▸ Aim of the exercise: Without including any pictures, please copy every entry below exactly.

(Extracted data begins)

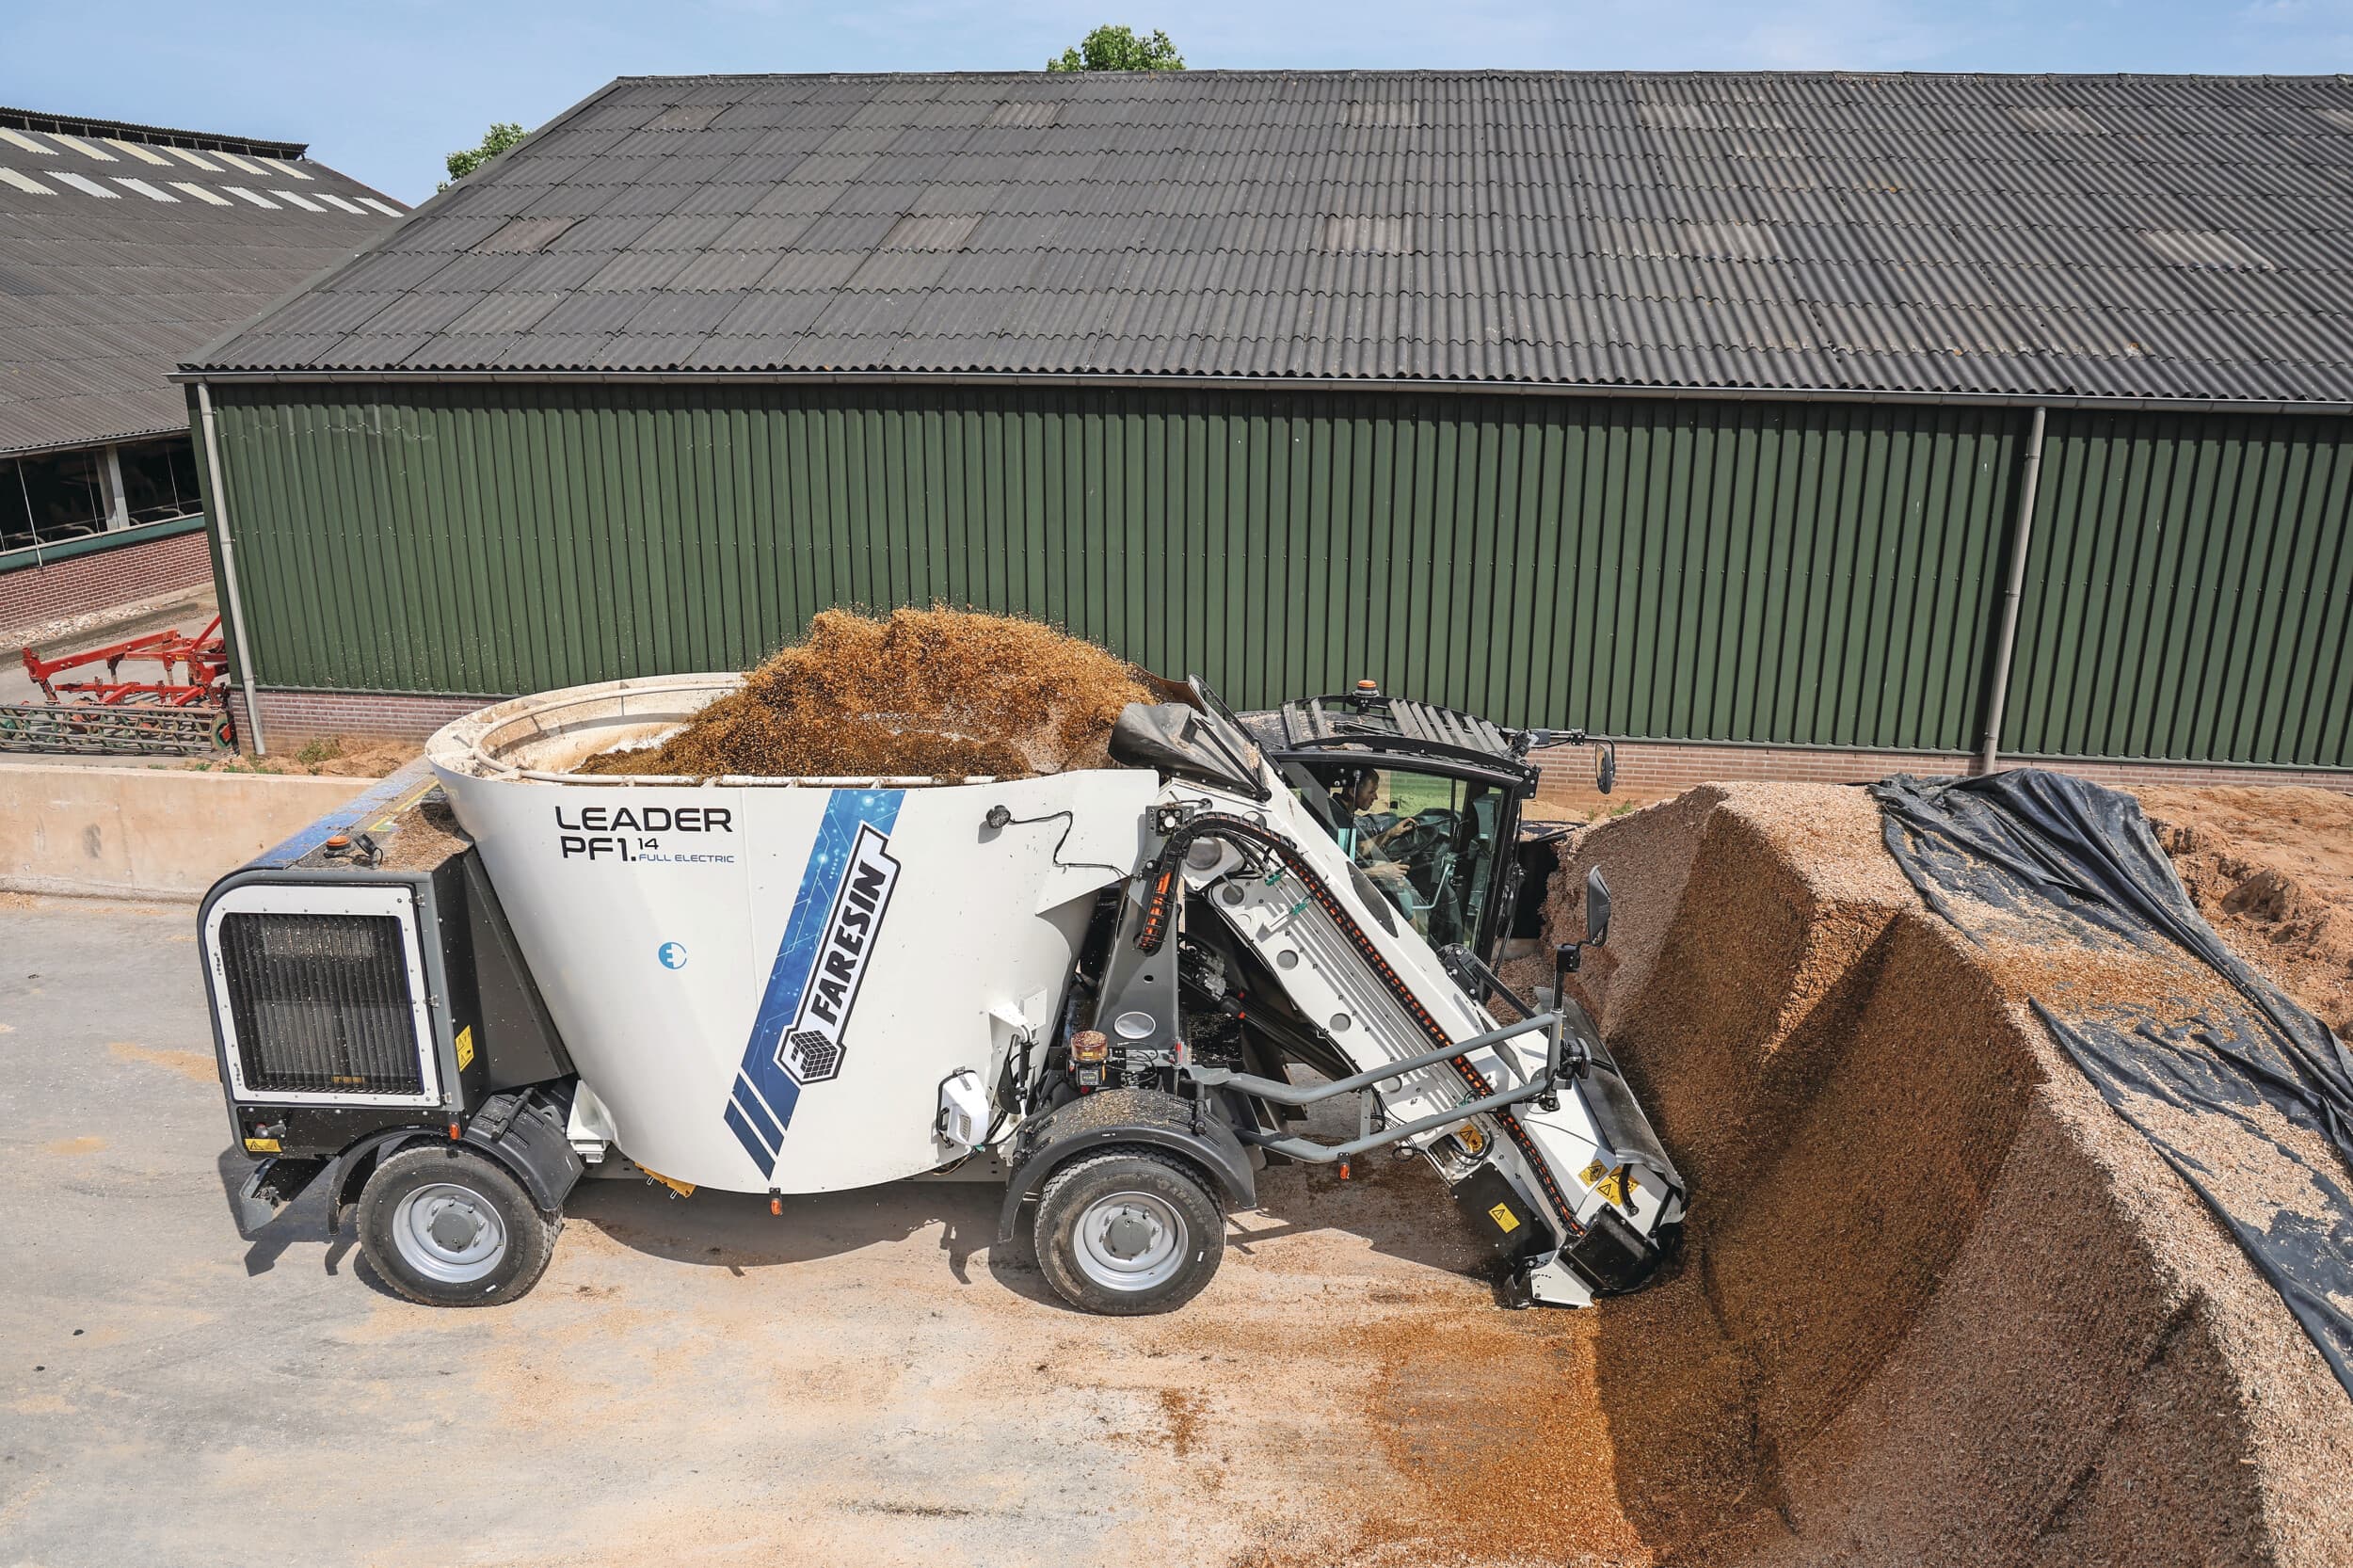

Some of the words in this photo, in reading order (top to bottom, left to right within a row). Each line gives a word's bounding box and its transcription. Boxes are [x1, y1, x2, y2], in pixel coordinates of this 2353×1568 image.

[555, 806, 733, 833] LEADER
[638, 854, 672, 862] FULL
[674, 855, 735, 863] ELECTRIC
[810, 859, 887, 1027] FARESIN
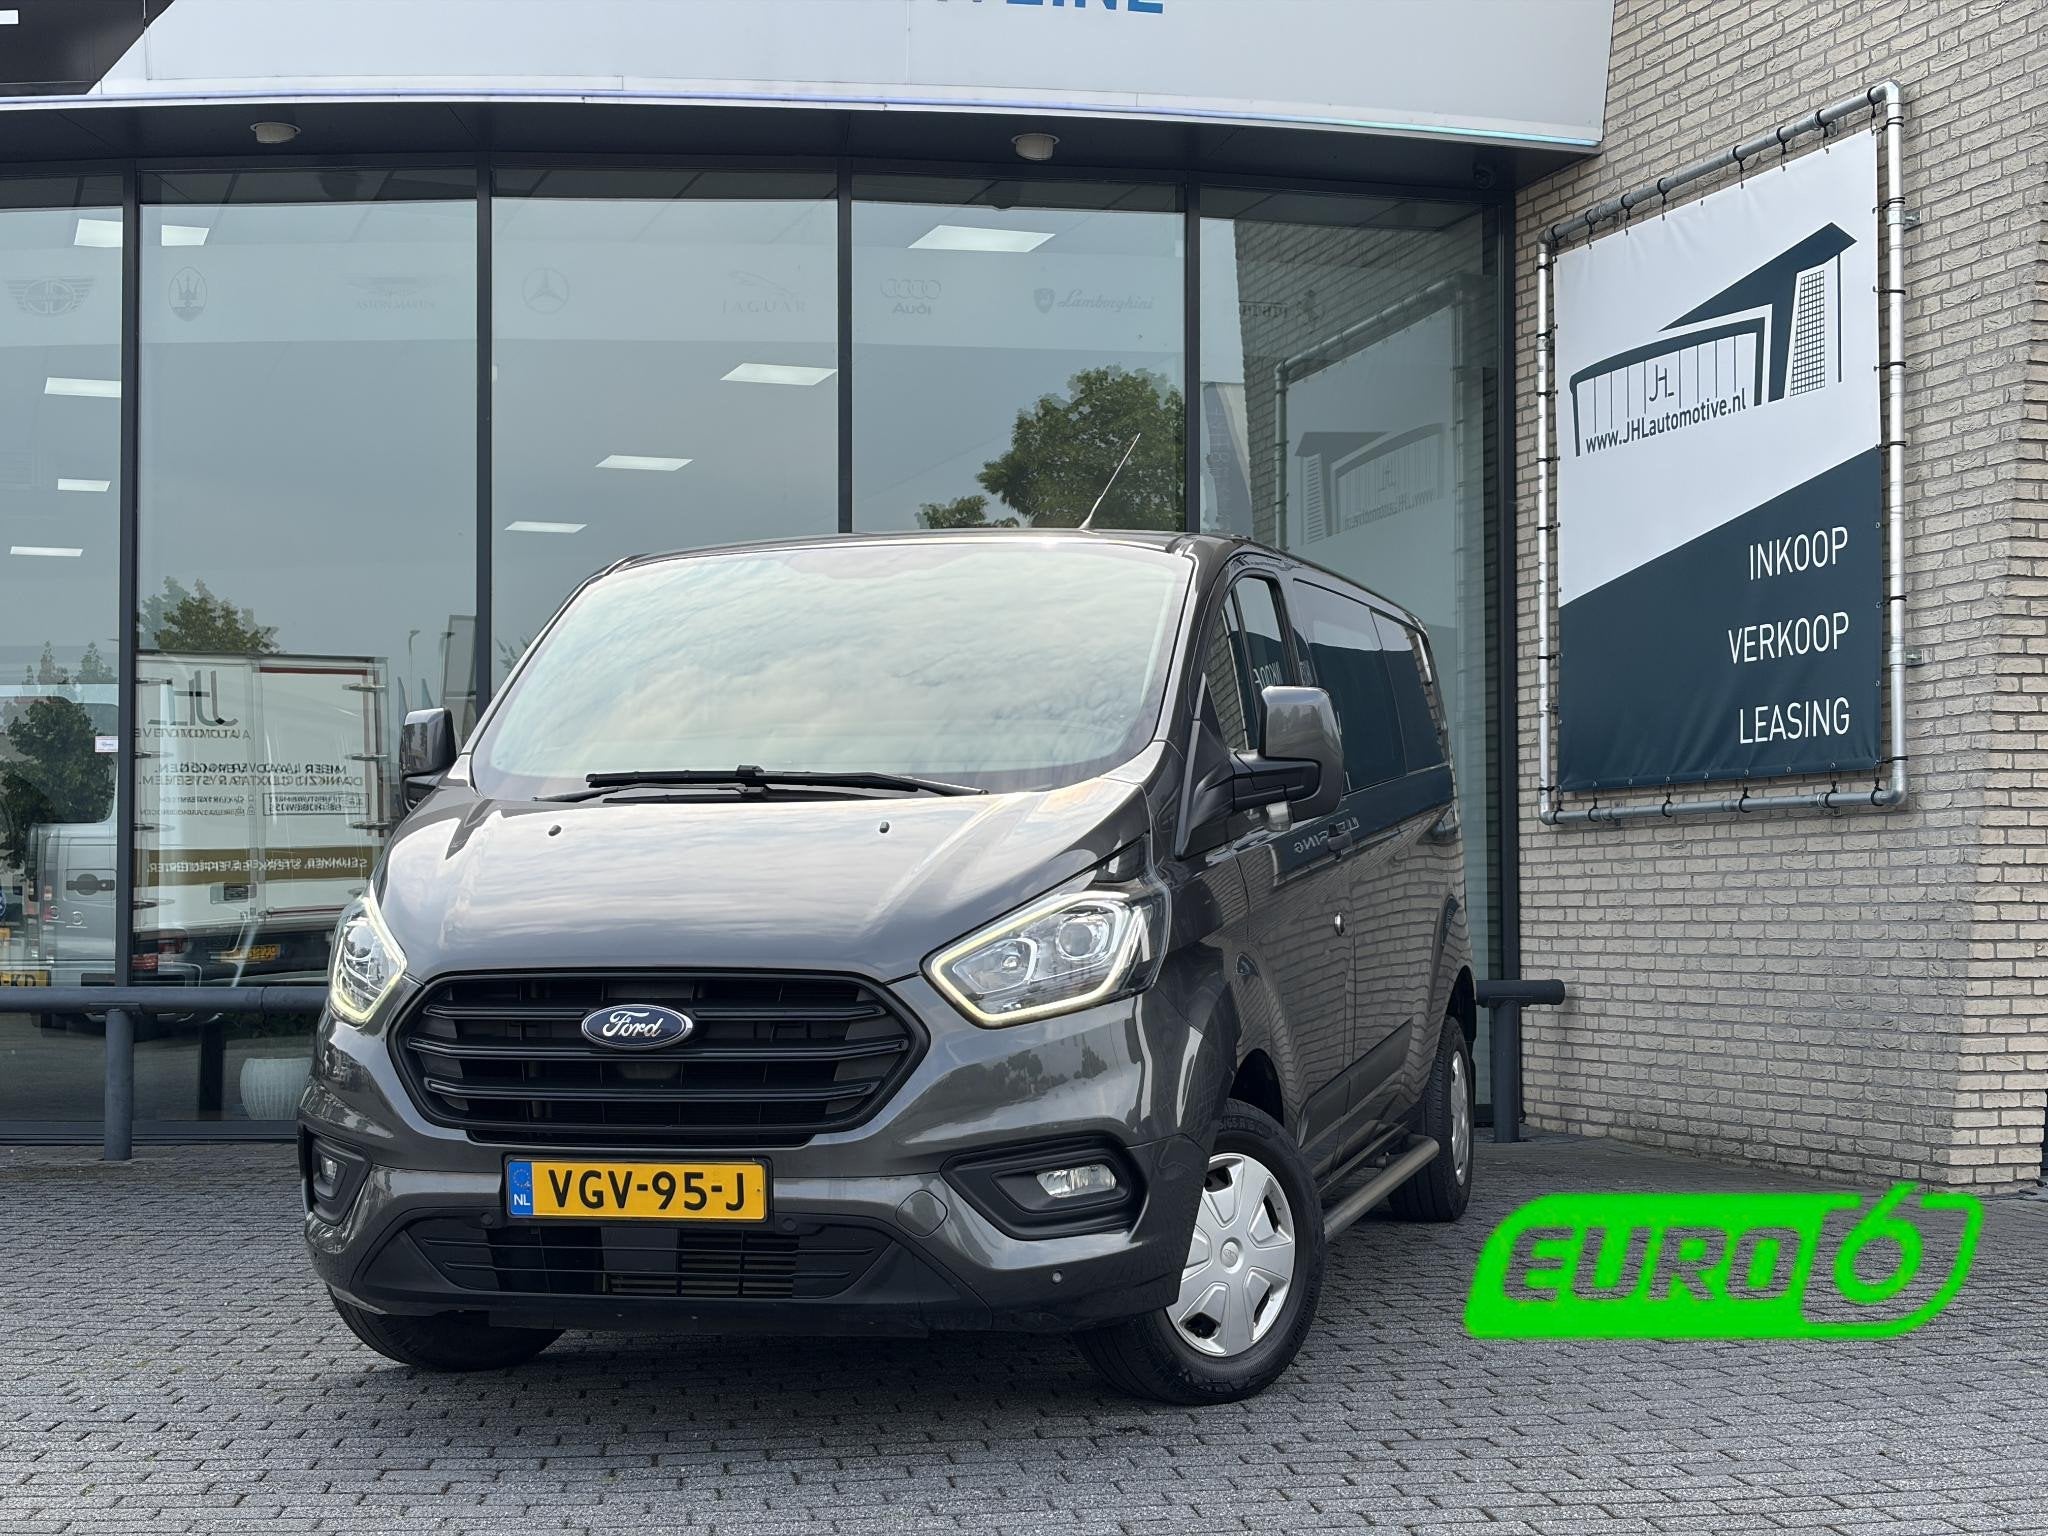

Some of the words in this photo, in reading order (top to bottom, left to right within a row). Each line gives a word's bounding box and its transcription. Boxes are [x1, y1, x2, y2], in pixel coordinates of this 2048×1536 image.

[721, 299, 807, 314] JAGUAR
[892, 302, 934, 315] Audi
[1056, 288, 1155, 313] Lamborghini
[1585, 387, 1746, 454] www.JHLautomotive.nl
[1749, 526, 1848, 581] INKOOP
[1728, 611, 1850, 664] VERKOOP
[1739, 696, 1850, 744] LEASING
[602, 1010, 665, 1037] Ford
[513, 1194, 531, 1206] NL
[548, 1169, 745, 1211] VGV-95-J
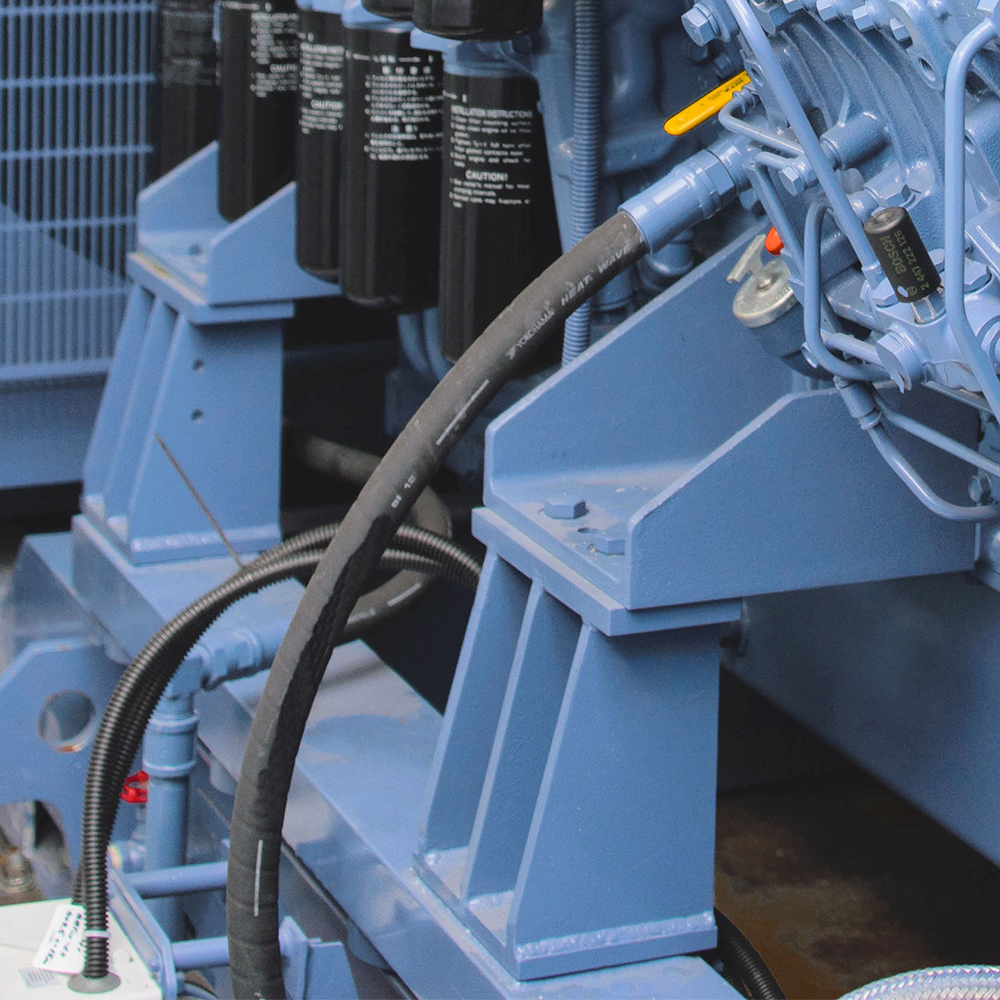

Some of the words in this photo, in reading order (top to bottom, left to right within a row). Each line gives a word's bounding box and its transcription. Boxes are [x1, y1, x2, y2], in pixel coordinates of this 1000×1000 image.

(Extracted data ends)

▸ Solution to this problem:
Some of the words in this photo, in reading order (top to bottom, left to right within a row). Each line gives a word's bounding box and its transcription. Boxes are [x1, y1, x2, y2], in pixel coordinates of this 2353×1568 image.

[555, 806, 733, 833] LEADER
[638, 854, 672, 862] FULL
[674, 855, 735, 863] ELECTRIC
[810, 859, 887, 1027] FARESIN

Some of the words in this photo, in reading order (top to bottom, left to right within a row). Each line gives a word's bounding box and its transcription. Boxes are [x1, y1, x2, y2], in pixel coordinates of this 2048×1536 image.

[721, 299, 807, 314] JAGUAR
[892, 302, 934, 315] Audi
[1056, 288, 1155, 313] Lamborghini
[1585, 387, 1746, 454] www.JHLautomotive.nl
[1749, 526, 1848, 581] INKOOP
[1728, 611, 1850, 664] VERKOOP
[1739, 696, 1850, 744] LEASING
[602, 1010, 665, 1037] Ford
[513, 1194, 531, 1206] NL
[548, 1169, 745, 1211] VGV-95-J

Some of the words in this photo, in reading order (top to bottom, left to right within a row). Each line gives a word's bounding box and its transcription. Boxes are [x1, y1, x2, y2], in pixel coordinates of this 1000×1000 image.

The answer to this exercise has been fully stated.